Georgia mounts economic blockade of renegade Adjara region
Posted: 15 March 2004 2330 hrs
POTI, Georgia : Georgia imposed an economic blocade around its renegade Adjara region in a bid to make its recalcitrant leader recognize the central government's authority.
The move was the latest step in an escalating armed standoff that was sparked early Sunday when armed supporters of Adjara's leader barred Georgian President Mikhail Saakashvili from entering the coastal territory.
Tbilisi says unauthorized armed groups are operating on the territory of the semi-autonomous region on the Black Sea coast and has vowed to bring Adjara back under central control in time for March 28 parliamentary elections.
Adjara leader Aslan Abashidze charges that Georgia's new leadership will use the election to oust him from power in the same way as Georgia's veteran leader Eduard Shevardnadze in late November and has refused to bow.
The tension was sharpened by the close attention of Russia, Georgia's giant neighbor that has a military base on Adjaran territory.

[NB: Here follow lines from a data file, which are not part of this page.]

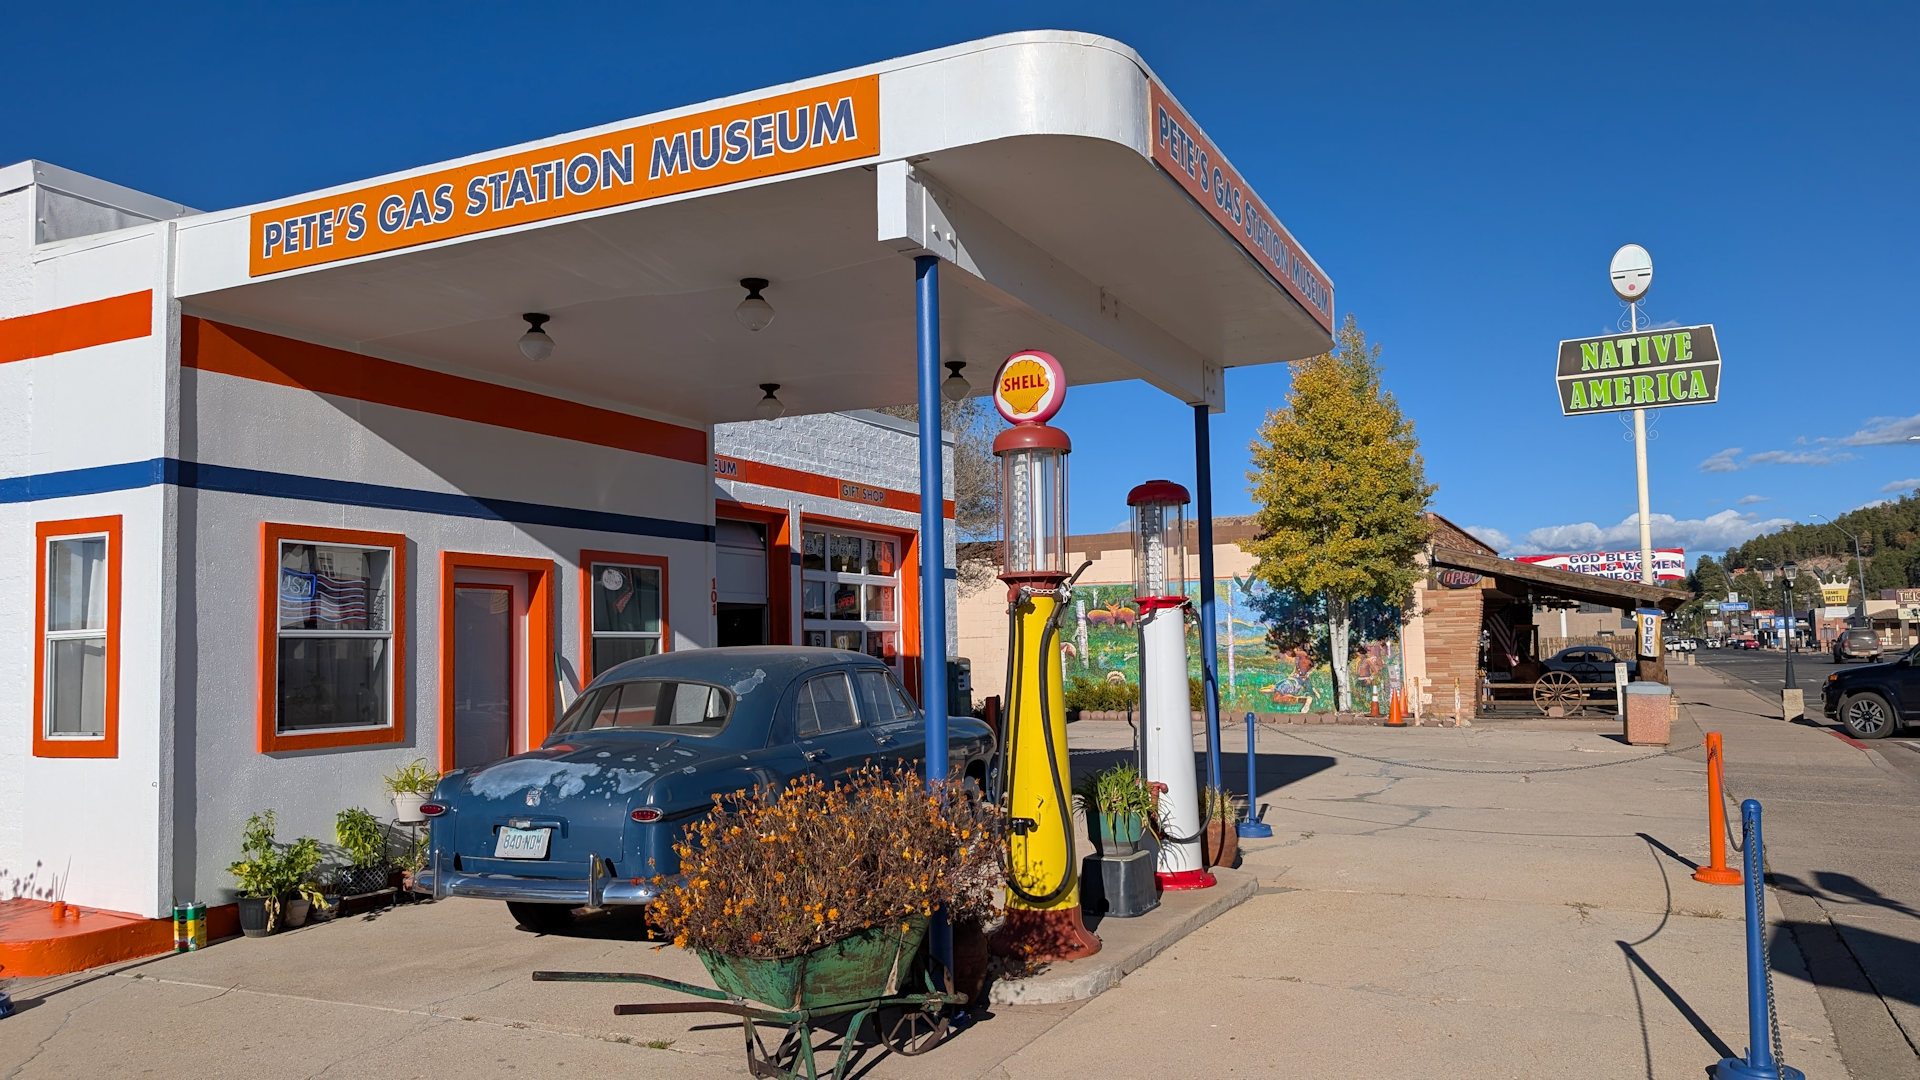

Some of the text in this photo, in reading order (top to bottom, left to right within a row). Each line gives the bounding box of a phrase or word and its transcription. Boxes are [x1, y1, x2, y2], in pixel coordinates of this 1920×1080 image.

[263, 96, 858, 258] PETE'S GAS STATION MUSEUM
[1158, 103, 1330, 319] PETE'S GAS STATION MUSEUM
[1580, 332, 1693, 371] NATIVE
[1004, 374, 1045, 392] SHELL
[1569, 369, 1709, 410] AMERICA
[842, 484, 884, 501] GIFT SHOP
[1568, 563, 1600, 573] MEN
[1606, 562, 1617, 572] &
[1569, 552, 1600, 564] GOD
[280, 574, 312, 595] USA
[1444, 570, 1477, 585] OPEN
[1644, 616, 1654, 654] OPEN
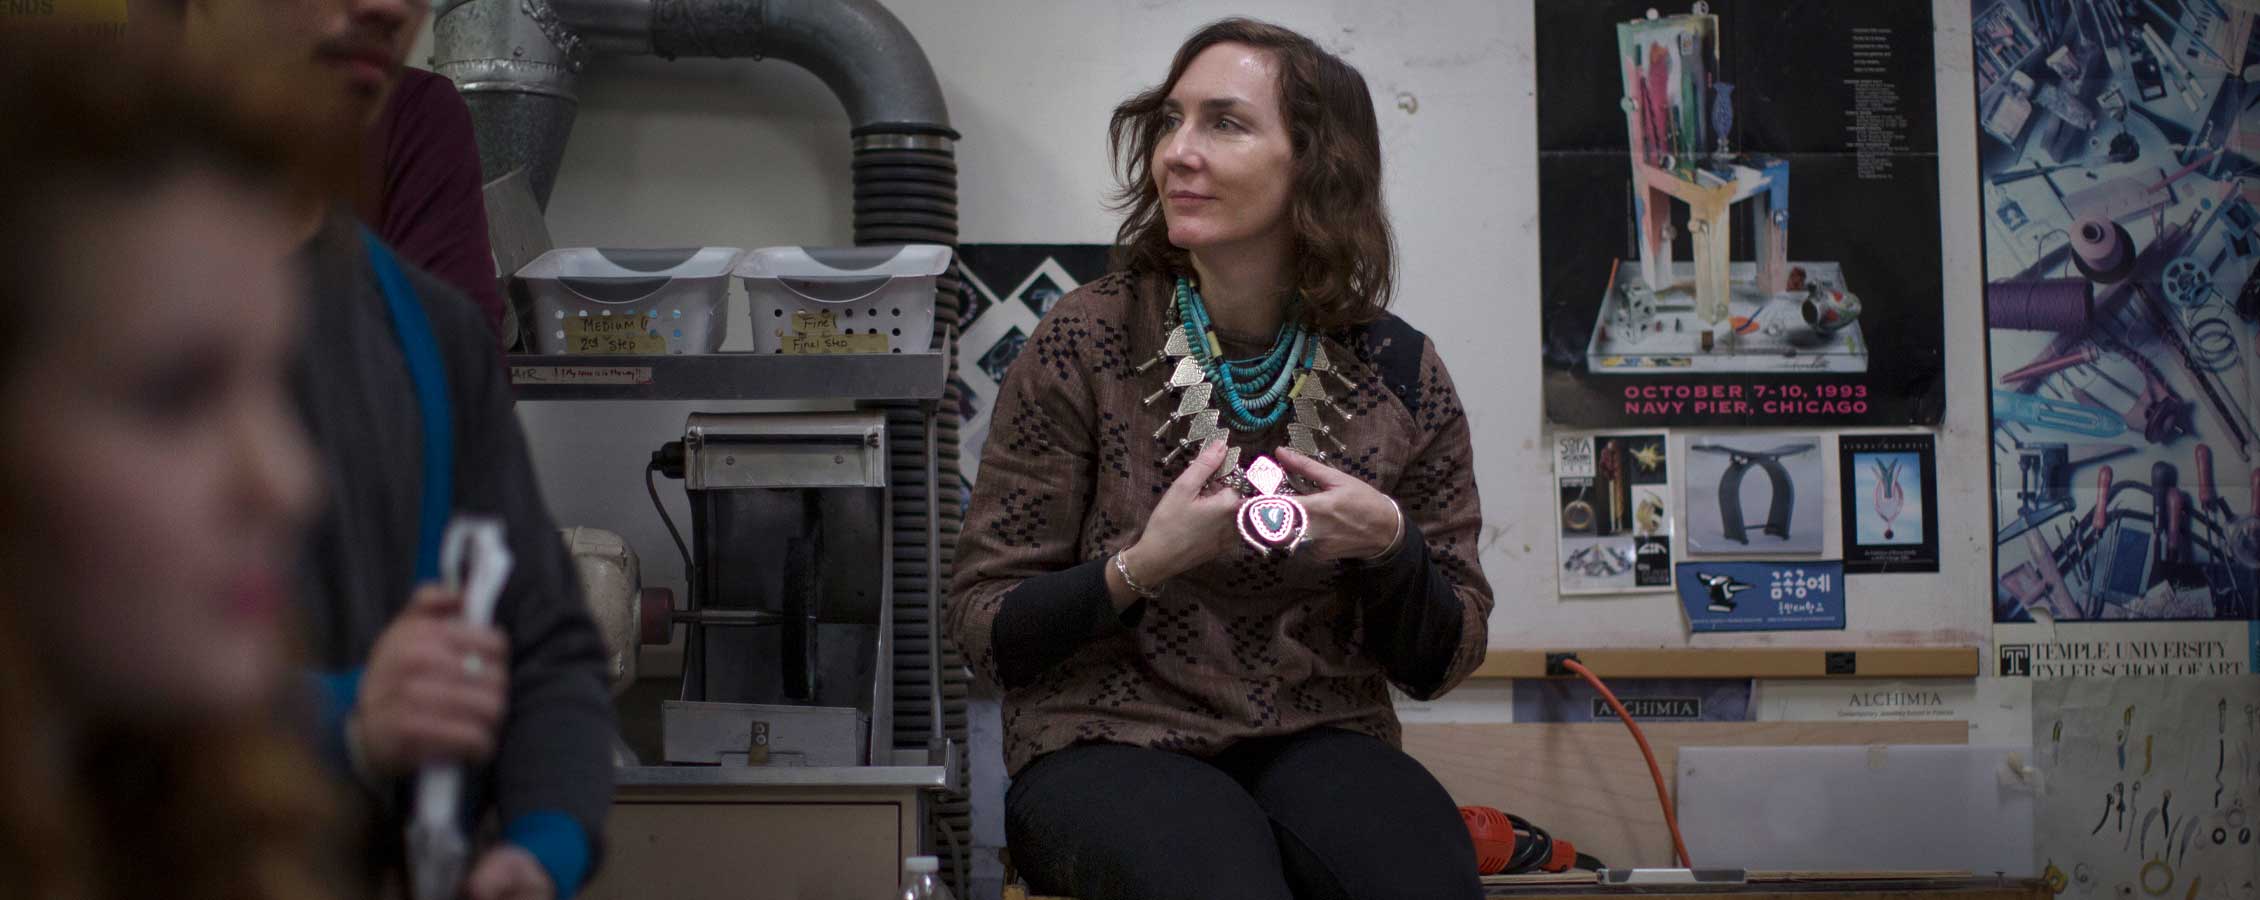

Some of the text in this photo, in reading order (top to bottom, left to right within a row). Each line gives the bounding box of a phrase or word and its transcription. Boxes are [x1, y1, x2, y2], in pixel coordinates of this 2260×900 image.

Moscow has warned Georgia of "grave and unpredictable consequences" if Adjara comes under attack.
Georgian ministers said Monday they had no plans to send the military into Adjara but there were still fears the crisis could erupt into armed conflict, with Adjara's leader warning that Tbilisi's stance was leading the country toward bloodshed.
Saakashvili gave Abashidze a deadline of Monday evening to recognise the government's authority over his region or face unspecified consequences.
In the meantime, Saakashvili said that starting Monday morning he was ordering the closure of Adjara's Black Sea port, its border with Turkey and cutting off the region's road and rail links with the rest of Georgia.
He added that criminal charges would be brought against Adjara's leaders and their bank accounts frozen.
"We are dealing here... with an attempt to stage a mutiny against Georgia, and this is an armed mutiny," Saakashvili told reporters from his crisis center in Poti, a coastal town just north of Adjara.
"Georgia is facing a clear threat of disintegration.... No major cargo will enter or leave (Monday) from the territory of Adjara."
But the 36-year-old leader said he still favoured a peaceful resolution of the crisis, adding that "not all the resources for dialogue have been exhausted."
The blockade is likely to deal a devastating blow to Adjara's economy, which depends on the income from the transit of goods across its territory.
Abashidze has irked the authorities in Georgia's capital Tbilisi for years by running Adjara like a state within a state, ignoring orders from the government and witholding taxes.
Saakashvili, who was swept to power late last year in a bloodless revolution, has vowed to bring Adjara back into line and prevent it from following the regions of Abkhazia and South Ossetia, which broke away from Georgia in bloody conflicts in the early 1990s.
Abashidze, though, remained defiant Monday, saying on television that Saakashvili "wants blood to be spilt. There is no logic to Tbilisi's position, which is going to lead to a new tragedy in a new region."
"You cannot talk in ultimatums with your own people, especially leaders who are note appointed or dismissed by the president," Abashidze was quoted as saying by RIA Novosti.
In Adjara's capital, Batumi the local authorities announced a curfew. That followed claims from Georgian officials Sunday that Abashidze's heavily-armed militia had brought tanks onto the streets and was handing out weapons to civilians.